Masculinity Debated In Digital Age

A five-person panel seated on stage at Kelowna Community Theatre. From left to right: Dr. Luc Cousineau, Dr. Fang Wan, moderator Nathan Skolski, journalist Jonathan Kay and Dr. John Oliffe speaking during the UBC Okanagan Debates: Masculinity in Crisis event.

From left: Dr. Luc Cousineau, Dr. Fang Wan, moderator Nathan Skolski, journalist Jonathan Kay and Dr. John Oliffe discuss whether masculinity is in crisis during the UBC Okanagan Debates event at Kelowna Community Theatre.

A clash over what's driving modern manhood-biology, culture or accountability-set the tone for UBC Okanagan Debates : Masculinity in Crisis on Tuesday night at Kelowna Community Theatre.

Toronto journalist Jonathan Kay and Dalhousie University researcher Dr. Luc Cousineau drew laughs and gasps as Kay argued that men today "aren't getting away with the same bad behaviour they did in the 1970s and '80s," with Dr. Cousineau snapping back, "It's not a crisis of masculinity-it's these guys being jerks."

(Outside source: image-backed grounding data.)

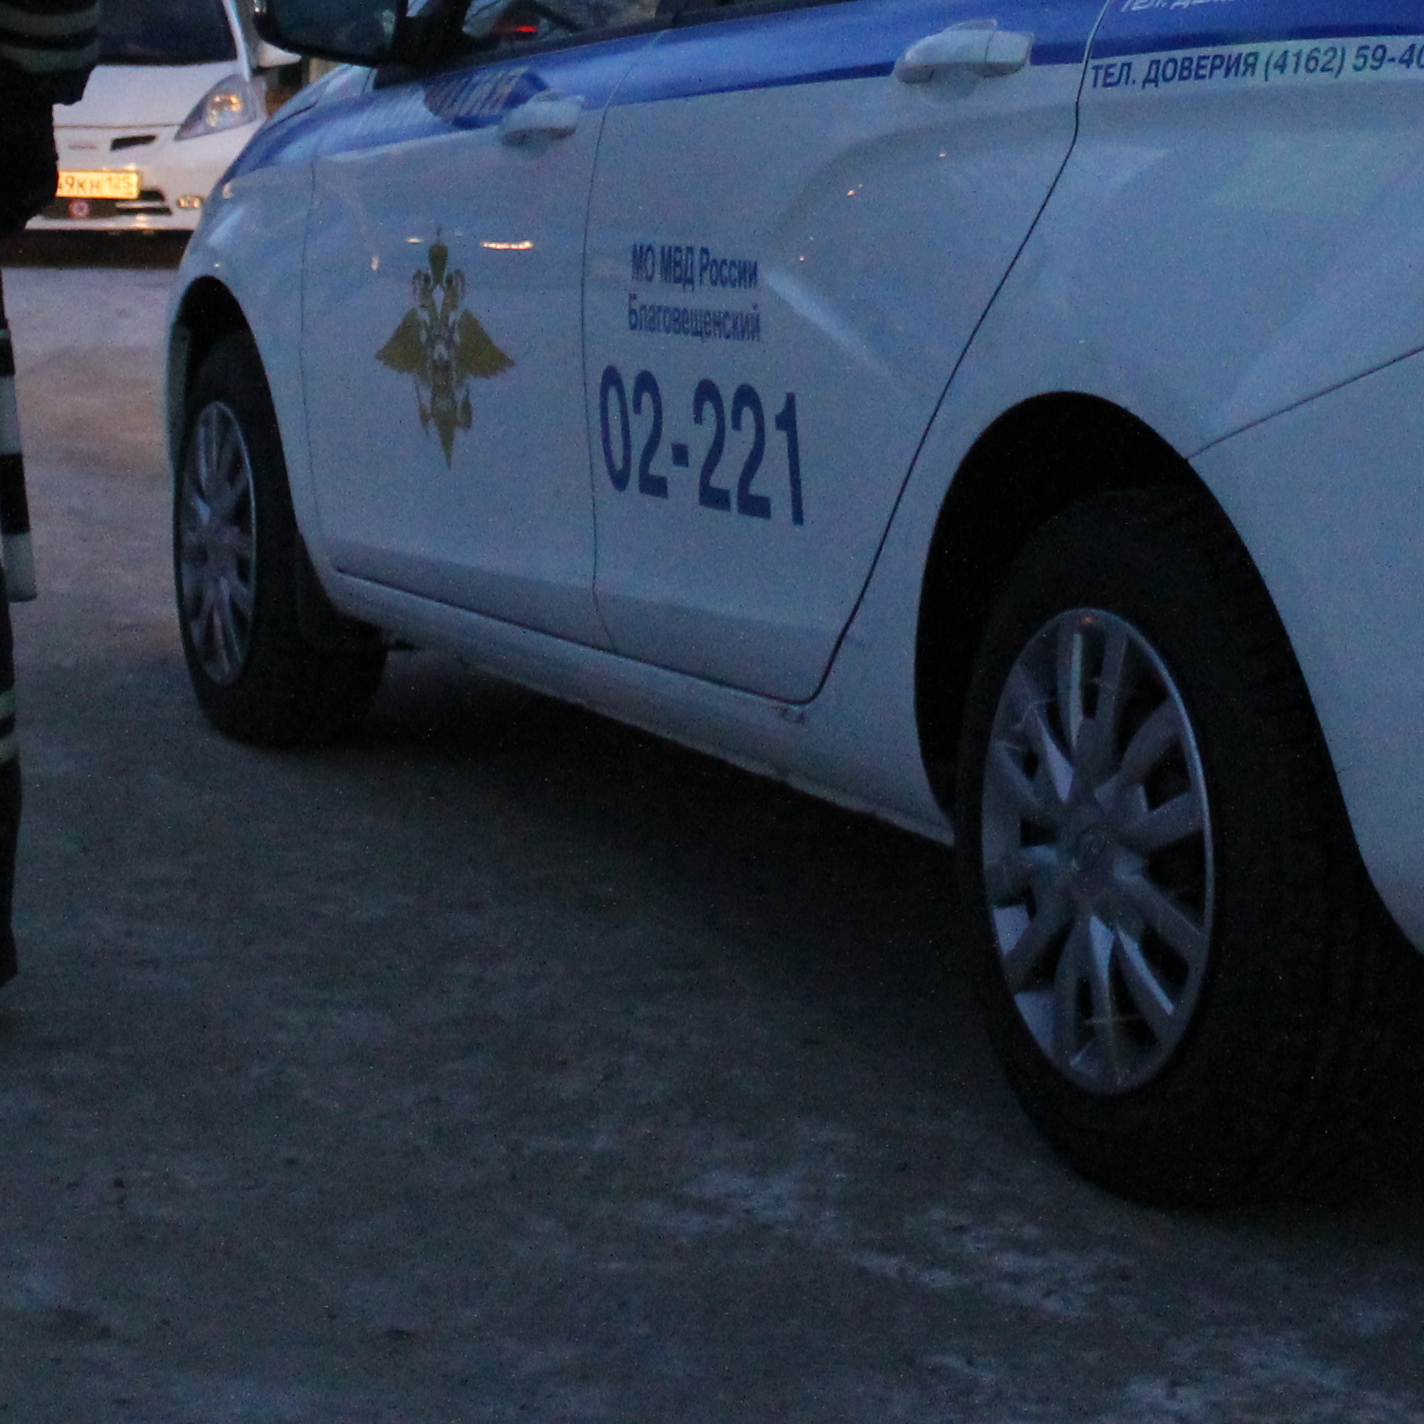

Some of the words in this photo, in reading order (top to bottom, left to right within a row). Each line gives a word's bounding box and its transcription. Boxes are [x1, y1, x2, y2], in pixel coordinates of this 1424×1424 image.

[1091, 62, 1136, 89] ТЕЛ.
[1141, 50, 1258, 89] ДОВЕРИЯ
[1264, 45, 1346, 81] (4162)
[631, 244, 655, 282] МО
[660, 245, 695, 293] МВД
[699, 247, 758, 289] России
[628, 293, 760, 343] Благовещенский
[599, 364, 804, 526] 02-221

The 90-minute public debate drew more than 500 people to hear four experts-Kay and Dr. John Oliffe from UBC Vancouver's School of Nursing argued there is a crisis, while Dr. Fang Wan from UBC Okanagan's Faculty of Management and Dr. Cousineau argued there is not.

Together, they explored whether masculinity is collapsing or evolving amid shifting gender roles, online pressures and growing mental-health challenges.

The case for crisis

Dr. Oliffe, founder of UBC's Men's Health Research Program, presented sobering evidence that men's health outcomes are worsening.

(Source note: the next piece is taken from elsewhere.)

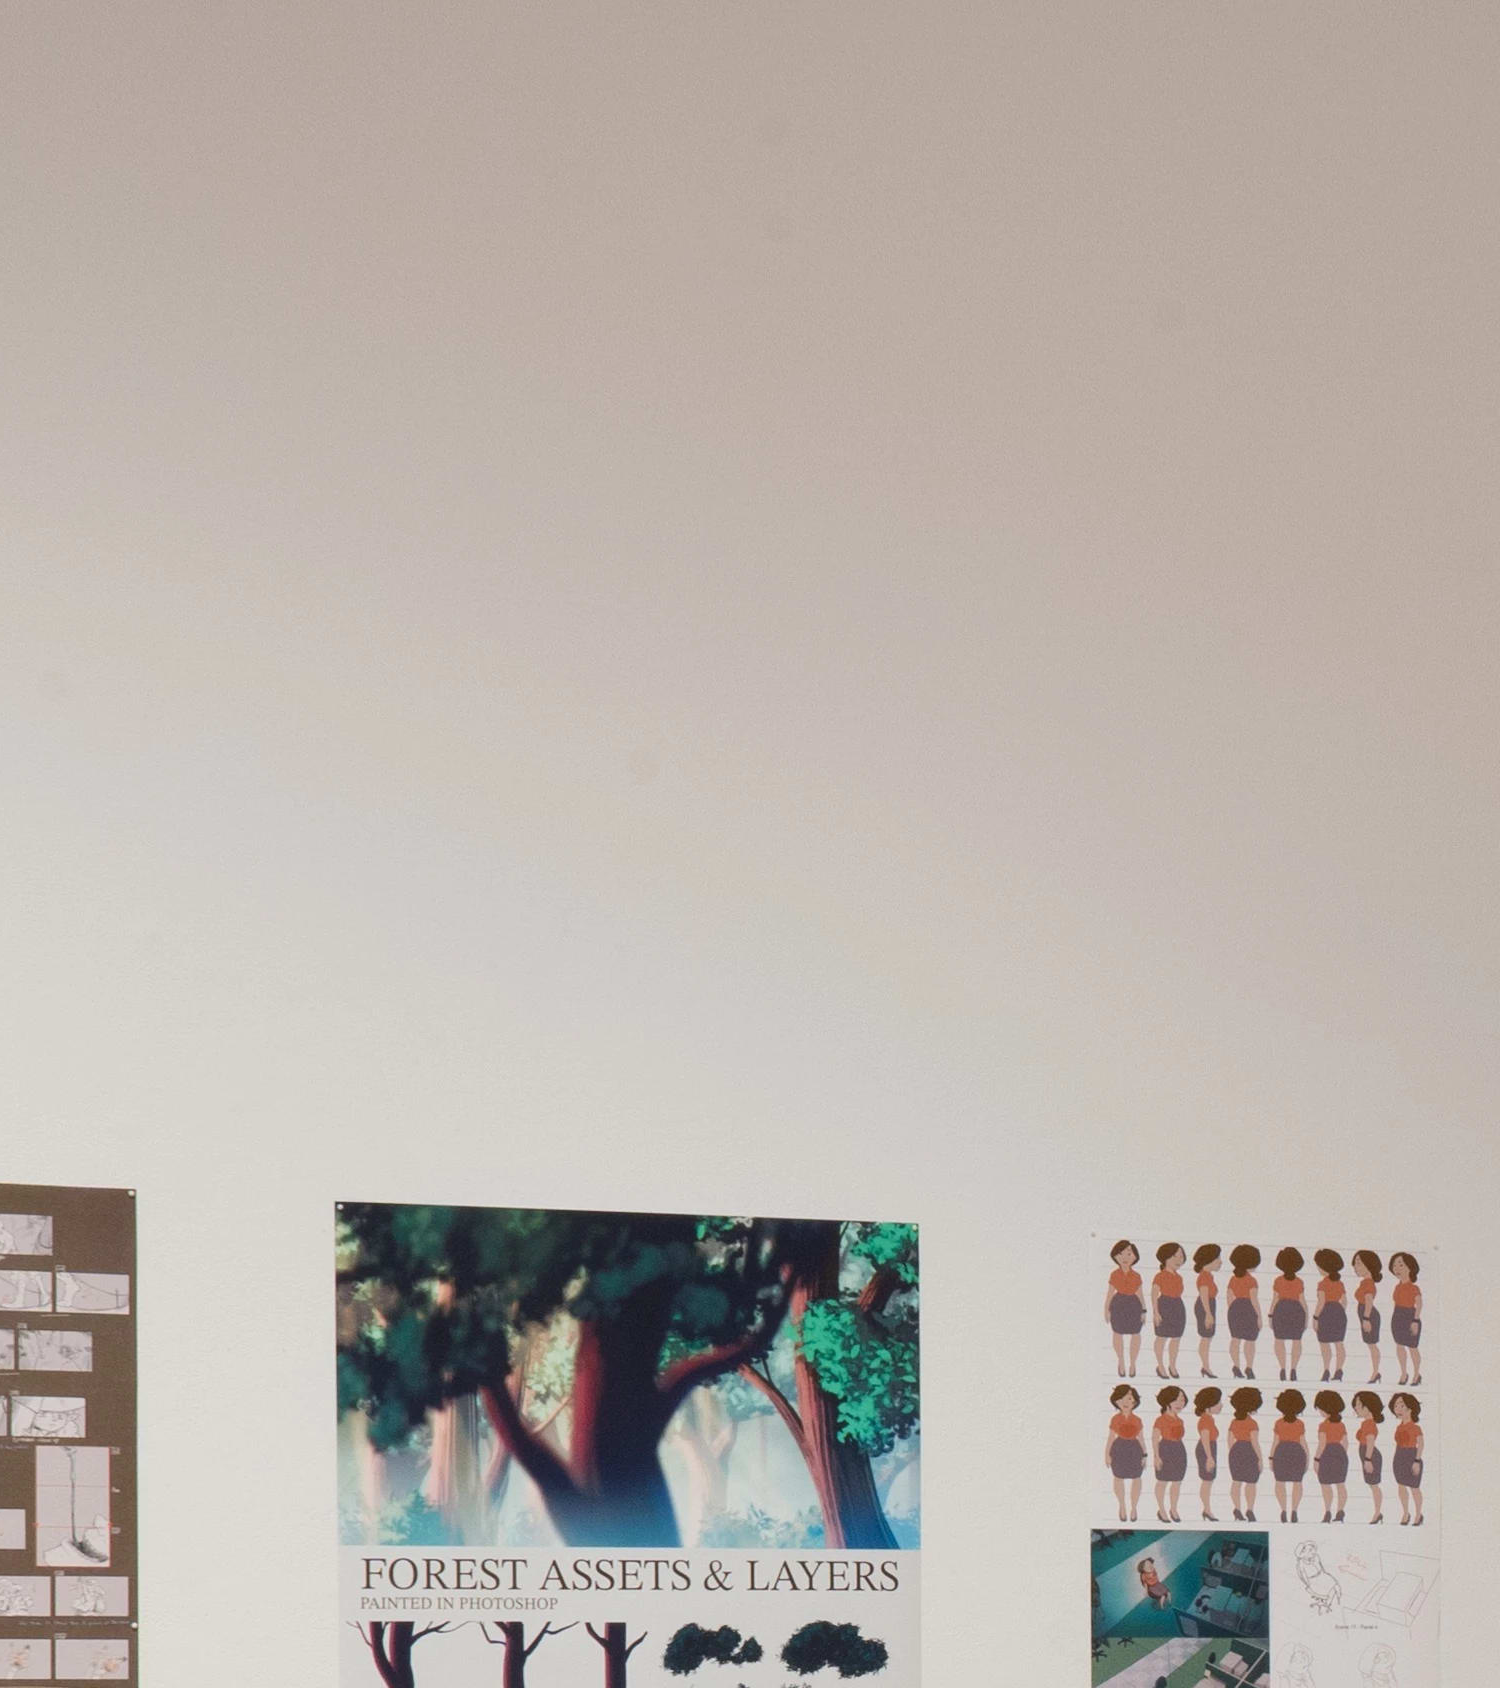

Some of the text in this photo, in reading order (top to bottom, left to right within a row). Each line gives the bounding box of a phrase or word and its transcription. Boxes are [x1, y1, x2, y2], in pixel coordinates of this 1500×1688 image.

[361, 1557, 900, 1592] FOREST ASSETS & LAYERS
[360, 1596, 558, 1610] PAINTED IN PHOTOSHOP

"Forty-four per cent of Canadian men who die before age 75 die from preventable causes," he said. "Cancers, cardiovascular disease, overdose and suicide are robbing us of years of life."

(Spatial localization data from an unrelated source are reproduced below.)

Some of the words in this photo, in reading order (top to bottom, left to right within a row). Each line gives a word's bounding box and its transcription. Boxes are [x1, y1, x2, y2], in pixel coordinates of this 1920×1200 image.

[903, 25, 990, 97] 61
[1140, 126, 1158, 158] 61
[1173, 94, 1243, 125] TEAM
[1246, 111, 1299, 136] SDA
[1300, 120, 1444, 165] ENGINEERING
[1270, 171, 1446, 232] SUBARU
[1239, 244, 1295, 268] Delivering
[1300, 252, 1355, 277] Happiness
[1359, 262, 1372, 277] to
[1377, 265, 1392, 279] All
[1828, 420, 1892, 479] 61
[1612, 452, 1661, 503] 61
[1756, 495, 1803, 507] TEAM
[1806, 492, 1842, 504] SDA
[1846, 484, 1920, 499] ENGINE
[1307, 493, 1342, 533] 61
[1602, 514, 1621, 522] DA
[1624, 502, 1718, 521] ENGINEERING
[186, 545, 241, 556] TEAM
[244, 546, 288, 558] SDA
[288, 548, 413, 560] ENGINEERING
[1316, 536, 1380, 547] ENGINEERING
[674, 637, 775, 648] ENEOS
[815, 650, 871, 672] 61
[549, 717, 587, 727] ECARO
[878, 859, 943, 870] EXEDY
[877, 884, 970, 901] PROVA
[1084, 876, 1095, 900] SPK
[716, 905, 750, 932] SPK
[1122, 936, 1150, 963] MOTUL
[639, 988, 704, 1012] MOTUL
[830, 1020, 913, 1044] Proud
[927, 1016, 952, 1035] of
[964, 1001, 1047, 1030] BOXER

Dr. Oliffe argued that traditional masculine norms-stoicism, control and self-reliance-can stop men from seeking help. "We've reduced masculinity to a handful of traits and forgotten it's plural," he said.

Jonathan Kay, editor and podcaster with Quillette, described the crisis as psychological and cultural, driven by status anxiety and online comparisons.

"We live in an era of plenty, where you can order anything on Amazon," he said. "But there are two things they're not making more of-real estate and status. When you were a kid, there was a vacation from the status hierarchy. When I see kids now, because of social media, there's no vacation. You're comparing yourself to kids all over the world … you're counting likes. It's all quantified."

Kay said the constant comparisons are causing boys and young men, to withdraw instead of reaching out.

"Girls and women identify tribally with the anxieties they experience-'I have ADHD or anxiety,' and they reach out to others," he said. "Men and boys, it's the opposite. They retreat. They retreat into video games; they retreat into silence."

Men aren't in crisis

Dr. Cousineau countered that masculinity has never been fixed, and saying it is "in crisis" misunderstands its fluid nature.

"To claim that masculinity is in crisis implies there's one right way to be a man," he said. "Masculinity has always been plural. What it means to be a man in Kelowna in 2025 is not what it meant in 1985."

He argued that the traditional ideal of the male provider is "so far outdated that we've lost the thread," adding that today's confusion reflects a crisis of understanding, not a collapse of identity.

Dr. Wan shifted the discussion beyond North America, arguing that the idea of a crisis is far from universal.

"In many parts of the world-Africa, the Middle East, Southeast Asia-men still dominate the social, political and corporate hierarchy," she noted. "There's no crisis. It's continuity."

She linked gender and power to the online world. Citing recent research and Australia's move to restrict children's social media use, Dr. Wan warned that platforms designed for engagement amplify division.

"Social media rewards sensationalism and polarization," she said. "If it's not extreme, it doesn't get attention-and that hurts everyone's wellbeing."

Collision and consensus

Despite heated moments, the four speakers agreed on one point: men's wellbeing is a public issue that requires empathy, not caricature.

Dr. Oliffe urged that conversations about masculinity must move beyond blame or labels.

"We cannot simultaneously espouse our commitment to inclusion with a singular, deficit-driven masculinity in 2025," he said. "Never use the (toxic) word again. Instead, employ ALEC-Ask, Listen, Prompt for Elaboration, and Check back in-as a means of not perpetuating the decade-long crisis that has been the misrepresentation of masculinity in its singular, deficit form."

Dr. Cousineau's closing remarks echoed the same spirit of reflection: "We're not in crisis-we're just not keeping up," he said. "We need to build a better world where more people can live the best lives they can."

By evening's end, confrontation had turned to conversation. The debate ended without consensus, but there was a shared recognition that masculinity, in all its forms, is still evolving-and worth debating.